U.S. House drops ‘forcible rape’ language
The author of a bill in the U.S. House that would ban taxpayer funds for abortion said he will drop the term “forcible rape” in the exemption portion of the bill. The exemption to the proposed ban will now cover all forms of rape, said Rep. Chris Smith, R-N.J.
The bill, which had been co-sponsored by U.S. Rep. Lynn Jenkins, R-Topeka, whose district includes west Lawrence, had touched off a firestorm of criticism.
H.R. 3 would make permanent the Hyde Amendment, which prohibits federal funds for abortions except in cases of rape, incest and if the life of the mother is threatened. Currently, the amendment is subject to annual review. Jenkins was one of 173 co-sponsors of the bill.

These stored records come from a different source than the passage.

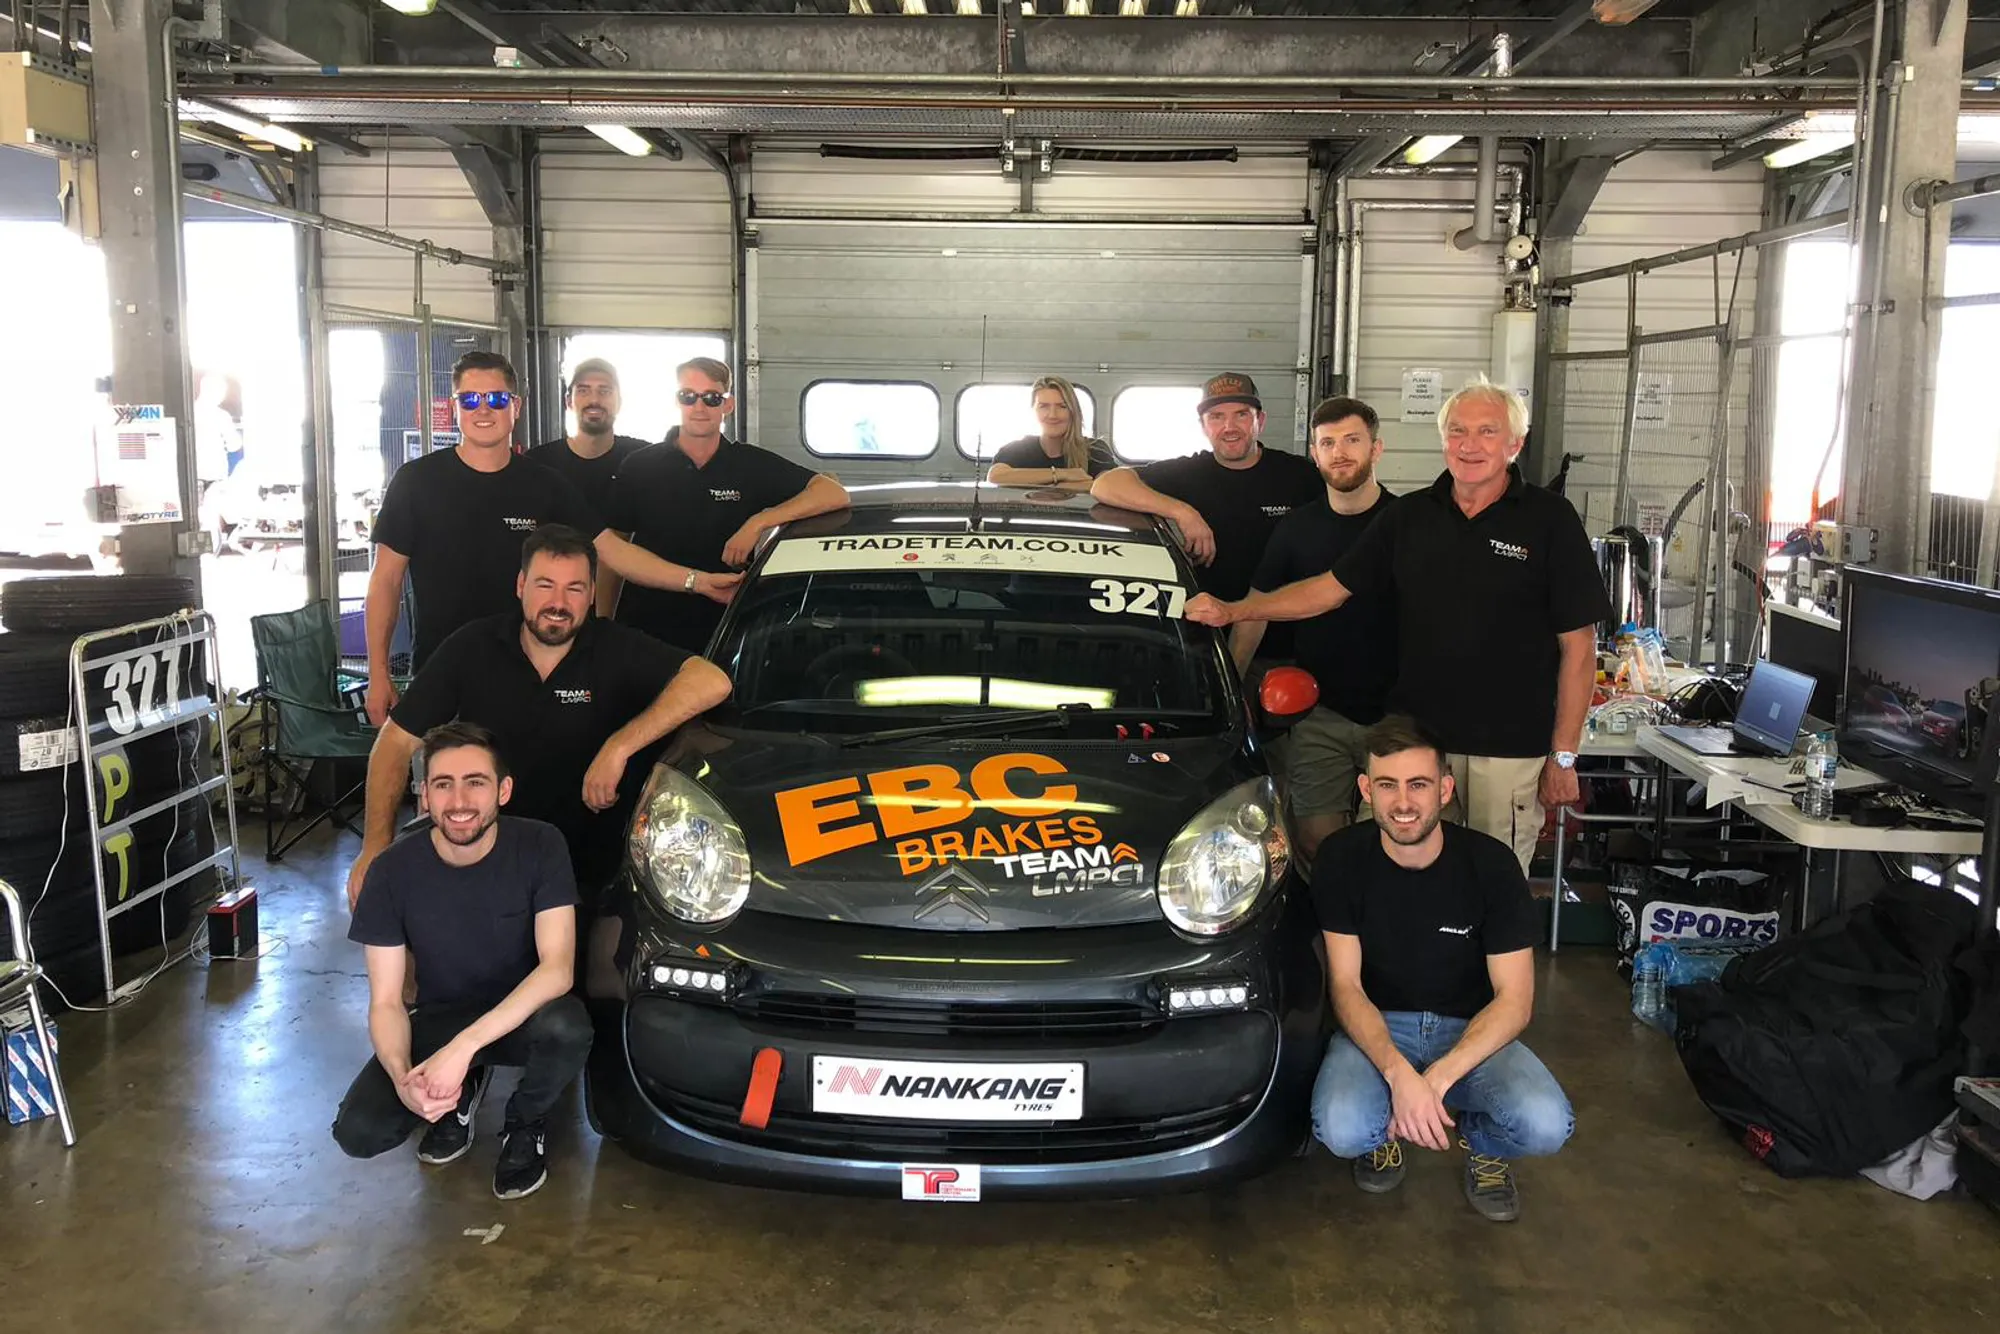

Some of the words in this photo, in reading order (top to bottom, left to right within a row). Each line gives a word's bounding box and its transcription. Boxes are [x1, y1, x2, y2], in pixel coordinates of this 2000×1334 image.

[817, 537, 1124, 558] TRADETEAM.CO.UK
[1489, 539, 1521, 553] TEAM
[1089, 579, 1187, 620] 327
[103, 644, 182, 735] 327
[98, 754, 130, 824] P
[775, 752, 1078, 867] EBC
[895, 816, 1103, 876] BRAKES
[993, 845, 1112, 878] TEAM
[104, 831, 133, 901] T
[1650, 908, 1778, 943] SPORTS
[880, 1075, 1067, 1100] NANKANG
[1013, 1103, 1053, 1112] TYRES
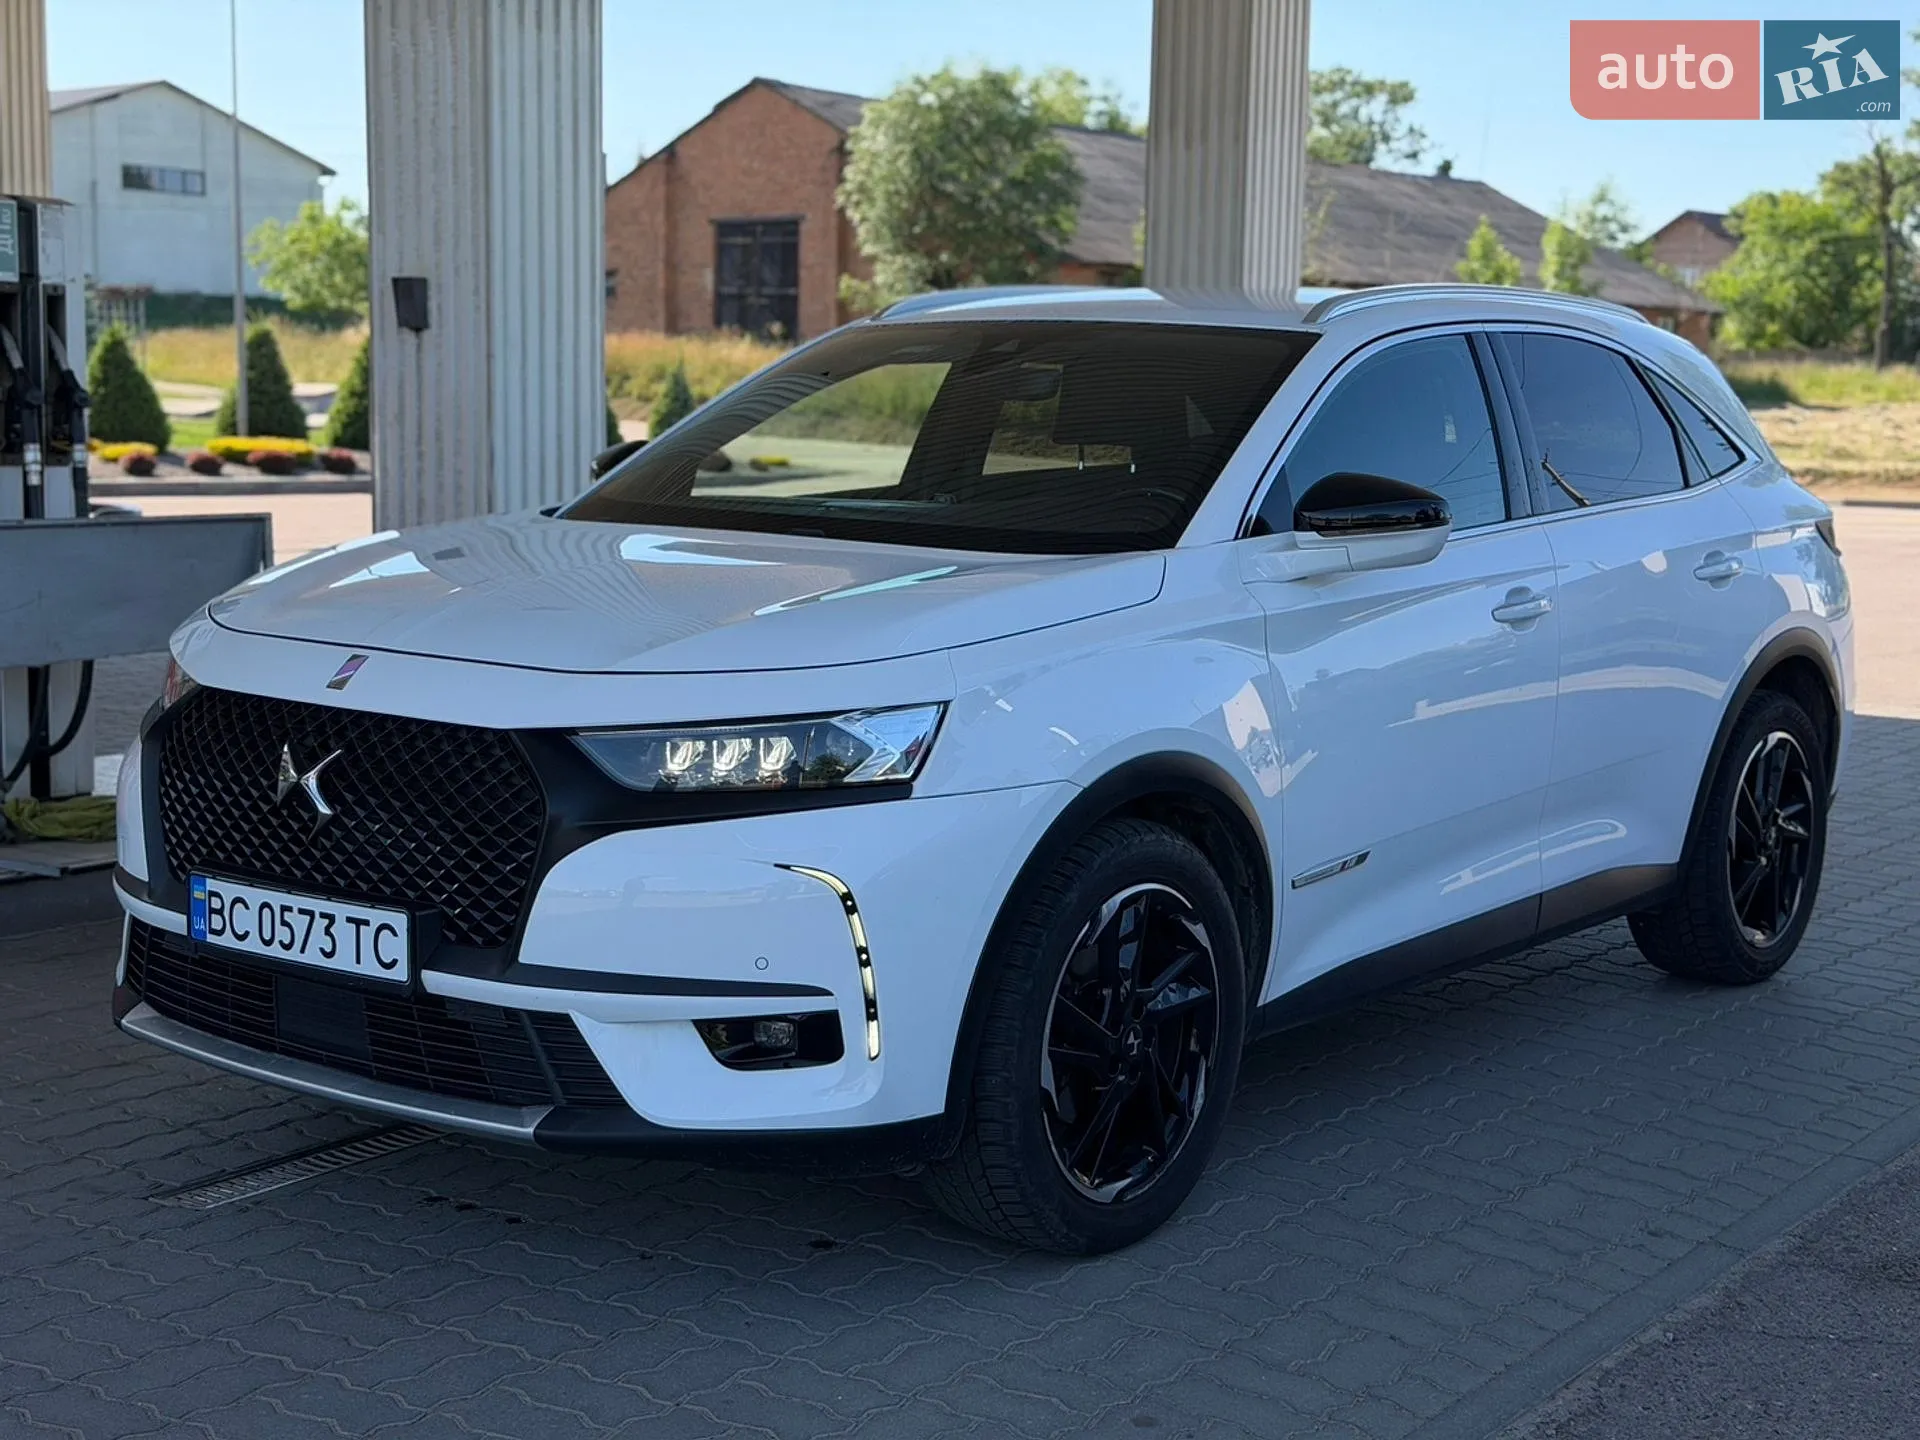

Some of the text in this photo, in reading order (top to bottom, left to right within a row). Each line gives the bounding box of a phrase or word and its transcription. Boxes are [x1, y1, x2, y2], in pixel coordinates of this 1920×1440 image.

[193, 915, 206, 931] UA
[207, 889, 399, 970] BC 0573 TC
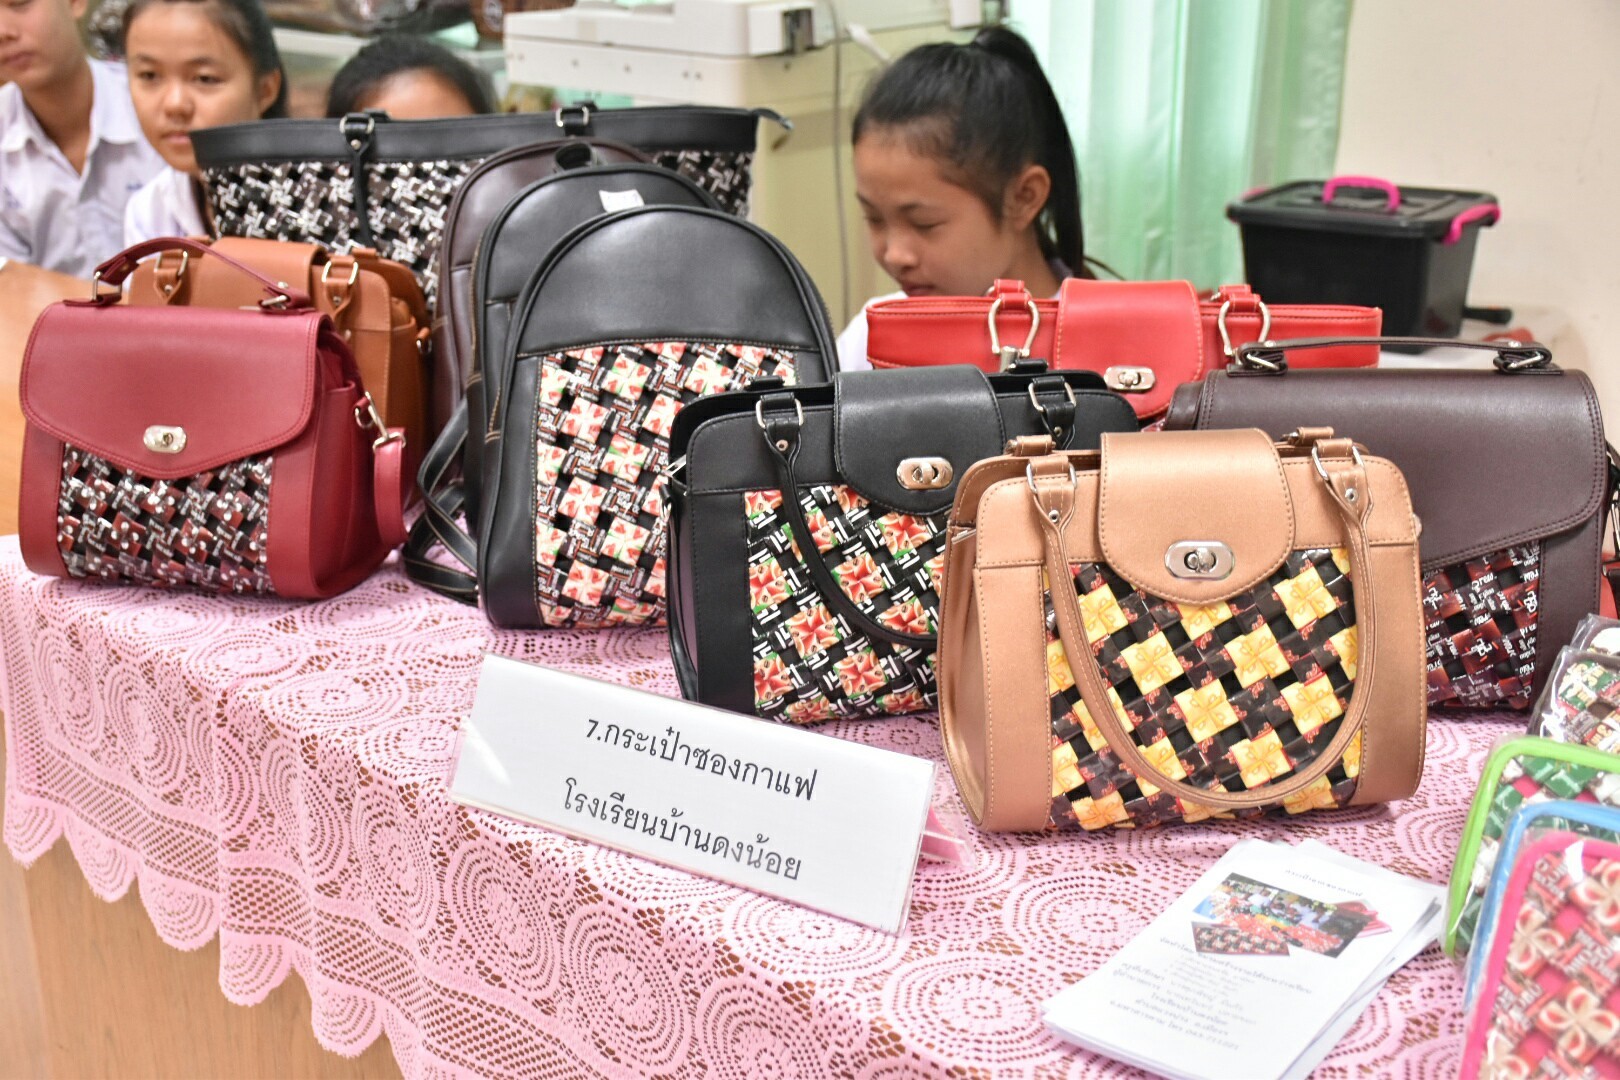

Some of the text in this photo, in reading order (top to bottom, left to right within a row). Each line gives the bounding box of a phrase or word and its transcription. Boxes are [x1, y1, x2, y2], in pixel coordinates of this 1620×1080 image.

[586, 719, 818, 800] 7.กระเป๋าซองกาแฟ
[564, 777, 802, 880] โรงเรียนบ้านดงน้อย

But H.R. 3, as filed, also would change the “rape” exemption to “forcible rape.” Abortion rights advocates said using the term “forcible rape” could exclude statutory rape or rapes where the victim was drugged, unconscious or verbally threatened.
But last week, Smith’s office said the word “forcible” would be replaced with the original language of the Hyde Amendment.
Abortion rights supporters still oppose Smith’s bill because it contains other provisions that they said will make it more difficult for women to get comprehensive health care coverage.
Former A.D. Lew Perkins pays up
Former Kansas University athletic director Lew Perkins paid his $4,000 fine moments after it was assessed last month by the Kansas Governmental Ethics Commission.
Perkins admitted no intent to violate the law under a settlement with the Ethics Commission.
After the commission approved the deal, Perkins’ attorney, Todd Thompson, went to the Ethics Commission office and wrote a check for the amount of the fine.
The Ethics Commission had alleged Perkins violated a ban on gifts to state officials by accepting free exercise equipment.
Group complains about American Future Fund
Citizens for Responsibility and Ethics in Washington (CREW) has asked the Internal Revenue Service to investigate whether the American Future Fund, which was active in Kansas during the last election cycle, has violated tax law.
The fund is set up as a tax-exempt nonprofit to provide nonpartisan advocacy on issues. The group opposes the new federal health reform.
But CREW said AFF acted like a partisan group during the election.
“There is nothing wrong with working to elect Republicans, but you can’t violate the law to do it,” said CREW Executive Director Melanie Sloan. “Given the amount of money the American Future Fund spent on ads in the 2010 congressional elections, it seems clear the primary — if not only — goal of the group is to elect Republicans to Congress.” AFF reportedly spent nearly $10 million nationally during the election campaign.
In Kansas, AFF ran ads critical of Democrat Steve Six for his decision not to join a legal challenge to the federal health law. Six lost the election.
Francisco appointed to Ways and Means
State Sen. Marci Francisco, D-Lawrence, has been appointed to the Senate Ways and Means Committee to replace Janis Lee, who left the Senate after being appointed to the Kansas Board of Tax Appeals.
“With Douglas County public schools facing more than $4 million worth of cuts in the next two years and mental health centers in northeast Kansas facing $2.7 million worth of cuts, it’s vital that we have someone with Senator Francisco’s insight and knowledge on this committee,” said Senate Democratic Leader Anthony Hensley of Topeka.
In addition, Francisco will continue serving as the ranking Democrat on the Senate Agriculture and Senate Natural Resources committees.
She is also a member of the Senate Utilities Committee, the Joint Arts and Cultural Resources Committee, the Joint Bioscience Committee, the Joint State Building Construction Committee, the Joint Higher Education Committee, and the Joint Energy and Environmental Policy Committee.
Quote of the week
“Passion is good, lying is bad. Most folks believe that they don’t like the federal health care bill, but to tell them they get to vote on it is a lie.”
— State Rep. Ann Mah, D-Topeka, criticizing a proposed constitutional amendment, which supporters say will allow Kansans to ignore the federal health reform law.
• 9 a.m. today, Kansas Board of Regents President and Chief Executive Officer Andy Tompkins testifies to House Appropriations Committee, Room 346-South, Capitol.
• 1:30 p.m. today, possible vote on HB 2044, increased penalties for those who flee a traffic accident, before House Corrections and Juvenile Justice, Room 144-South, Capitol.
• 1:30 p.m. Tuesday and Wednesday, hearings on HB 2006, repeal of in-state tuition for some undocumented students, before House Federal and State Affairs Committee, Room 346-South, Capitol.